21.  See Stewart, supra (noting that “offenses have not been joined solely because they are of the same or similar character” where evidence of one offense is admissible upon the trial of another); Dingler v. State, 233 Ga. 462, 463 (211 S.E.2d 752) (1975) (providing that a defendant has the right to severance “[w]henever two or more offenses have been joined for trial solely on the ground that they are of the same or similar character”) (citation and punctuation omitted); Brown v. State, 230 Ga.App. 190, 194(2) (495 S.E.2d 858) (1998) (noting that “[u]nder the evidentiary standard for joinder, the state must show similarity of conduct only to the extent that the sole purpose of joinder is not because the offenses are of a like character”) (citation and punctuation omitted).

22.  Although the jury found Cupe not guilty of terroristic threats, his claim of error regarding the trial court's failure to sever the offense from the trial of the robbery and burglary was not rendered moot. See generally Carter v. State, 261 Ga. 344, 345(1) (404 S.E.2d 432) (1991).

23.  Moss v. State, 245 Ga.App. 811, 813(2) (citations and punctuation omitted). See, e.g., Dukes v. State, 290 Ga. 486, 488(3) (722 S.E.2d 701) (2012) (evidence of a defendant's attempt to influence or intimidate a witness can serve as circumstantial evidence of guilt).

24.  See Payne v. State, 152 Ga.App. 471, 473(3) (263 S.E.2d 251) (1979) (evidence of defendant's threat against a state witness was admissible as an admission by conduct).
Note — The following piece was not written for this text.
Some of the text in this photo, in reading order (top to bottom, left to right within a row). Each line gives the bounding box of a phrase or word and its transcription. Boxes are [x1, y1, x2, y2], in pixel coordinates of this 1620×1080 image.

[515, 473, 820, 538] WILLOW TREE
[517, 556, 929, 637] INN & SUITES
25.  See Moss, supra (finding that in any separate trial on the theft charges, evidence of the phone calls and obstruction would be admissible, and therefore the trial court did not abuse its discretion in denying motion to sever the counts).

26.  Stewart, supra.

27.  Id. (citation omitted). See, e.g., Coats v. State, 234 Ga. 659, 662(4) (217 S.E.2d 260) (1975) (holding that in determining whether severance is necessary to achieve a fair determination of defendant's guilt or innocence of each offense, the “court should consider whether in view of the number of offenses charged and the complexity of the evidence to be offered, the trier of fact will be able to distinguish the evidence and apply the law intelligently as to each offense.”) (citation and punctuation omitted).
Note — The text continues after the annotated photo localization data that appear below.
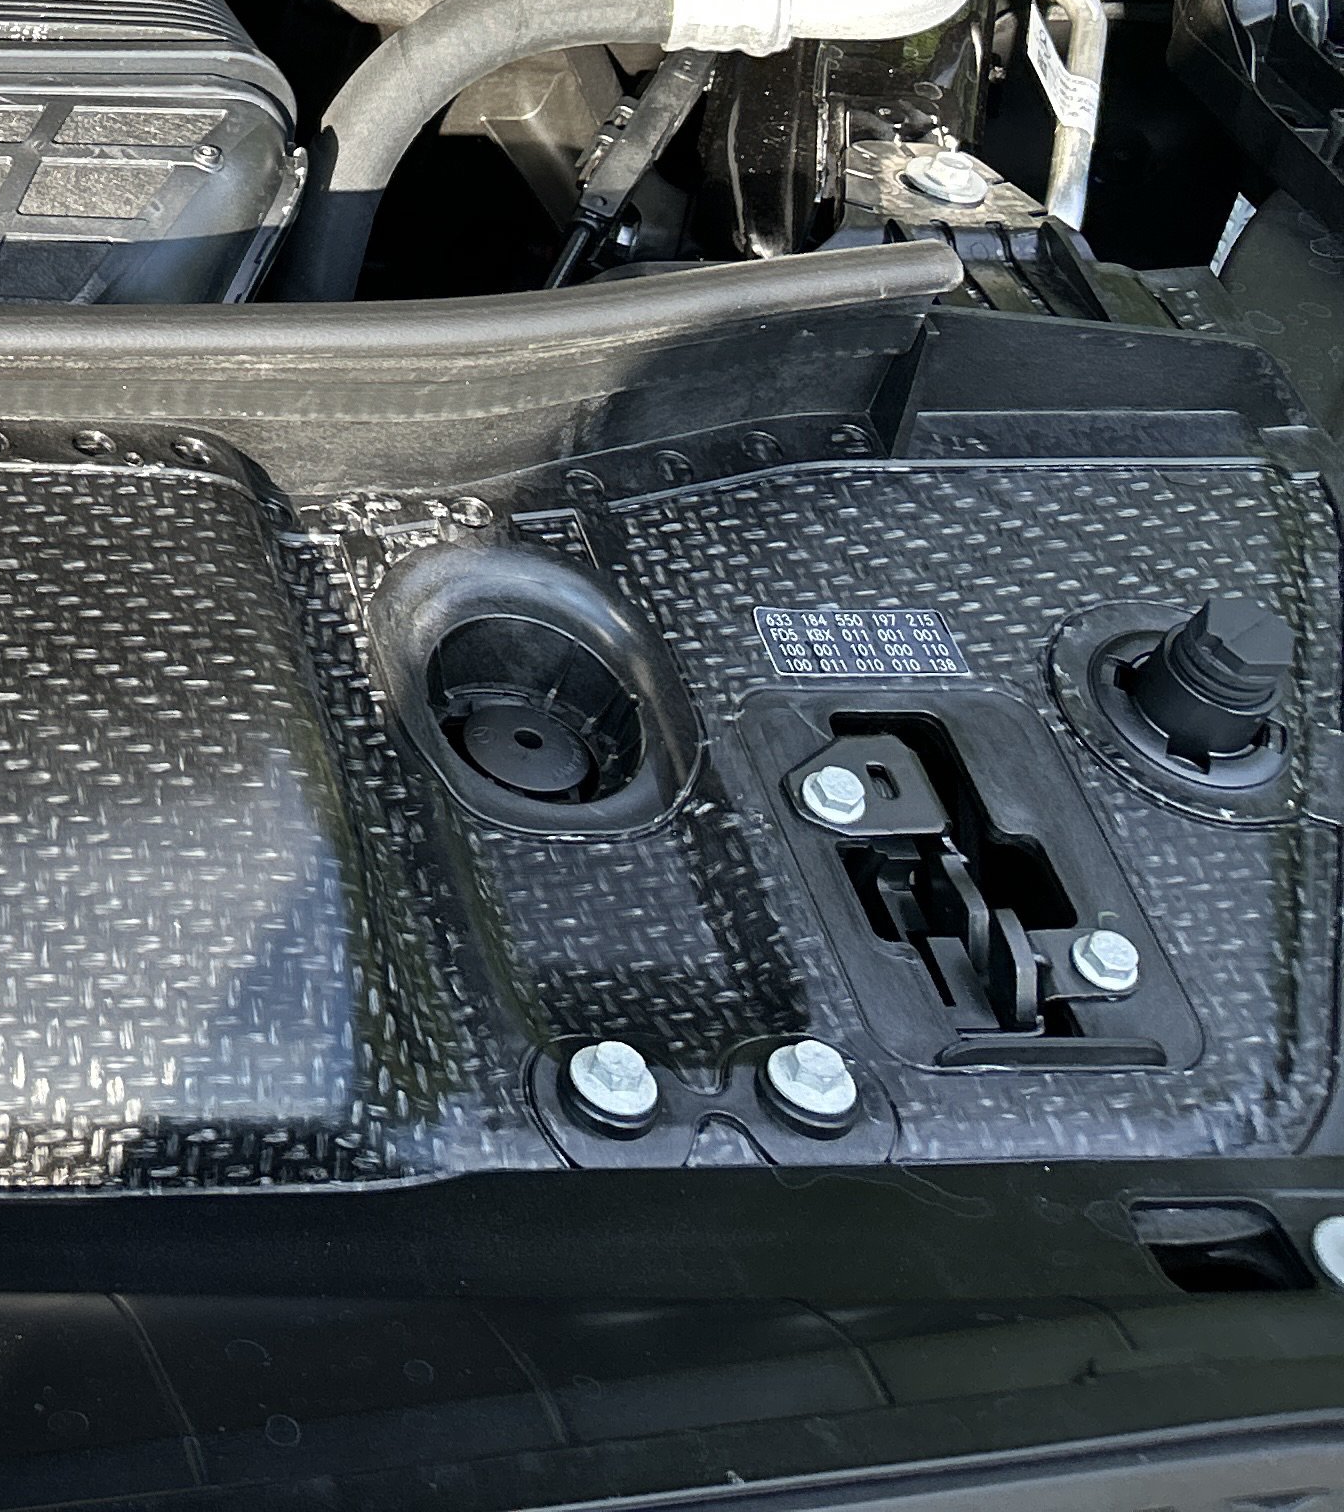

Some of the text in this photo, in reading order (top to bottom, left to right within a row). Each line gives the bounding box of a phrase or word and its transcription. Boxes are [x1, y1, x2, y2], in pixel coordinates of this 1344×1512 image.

[766, 613, 934, 627] 633 184 550 197 215
[769, 628, 798, 642] FD5
[841, 628, 869, 642] 011
[877, 628, 905, 642] 001
[913, 628, 941, 642] 001
[779, 643, 949, 657] 100 001 101 000 110
[785, 658, 957, 672] 100 011 010 010 138
28.  See, e.g., Perry v. State, 317 Ga.App. 885, 886 (733 S.E.2d 57) (2012) (holding that “the charged offenses were neither so numerous nor so complex that the jury was unable to parse the evidence and correctly apply the law with regard to each charge”).

29.  See Heard v. State, 287 Ga. 554, 559(4) (697 S.E.2d 811) (2010) (finding that the trial court did not abuse its discretion in denying appellant's motion for severance, noting that “the verdict itself, including [appellant's] acquittal for some of the charges, shows that the jury fully understood the law and evidence”) (citation and punctuation omitted).
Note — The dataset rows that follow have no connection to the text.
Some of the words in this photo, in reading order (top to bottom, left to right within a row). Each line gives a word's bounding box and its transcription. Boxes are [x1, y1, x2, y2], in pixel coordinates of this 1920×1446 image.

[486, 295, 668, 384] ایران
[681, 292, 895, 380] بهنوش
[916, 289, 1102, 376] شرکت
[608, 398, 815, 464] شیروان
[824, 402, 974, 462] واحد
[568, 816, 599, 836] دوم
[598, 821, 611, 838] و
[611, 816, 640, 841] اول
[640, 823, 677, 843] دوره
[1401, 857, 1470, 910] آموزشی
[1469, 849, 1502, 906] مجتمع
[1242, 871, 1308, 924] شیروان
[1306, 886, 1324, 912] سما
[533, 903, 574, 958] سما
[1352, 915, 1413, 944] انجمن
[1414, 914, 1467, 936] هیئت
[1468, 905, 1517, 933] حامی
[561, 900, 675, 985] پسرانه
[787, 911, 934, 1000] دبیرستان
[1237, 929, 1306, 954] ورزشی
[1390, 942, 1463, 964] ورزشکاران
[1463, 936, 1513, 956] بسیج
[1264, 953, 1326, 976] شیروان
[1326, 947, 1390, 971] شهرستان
30.  Effective January 1, 2013, this provision appears at OCGA § 24–14–6.

31.  As noted above, evidence adduced at trial included that Fowler identified Cupe as the person who robbed her, and Cupe admitted to an officer, “if you said I done this burglary; I done this burglary .”

32.  Hill v. State, 276 Ga. 220, 221(2) (576 S.E.2d 886) (2003). See Russell v. State, 319 Ga.App. 472, 477(3)(b) (735 S.E.2d 797) (2012) (finding that given that the state adduced direct and circumstantial evidence, “the trial court was not required to charge the jury on circumstantial evidence pursuant to OCGA § 24–4–6, absent a request”).

PHIPPS, Chief Judge.

ELLINGTON, P. J., and McMILLIAN, J., concur.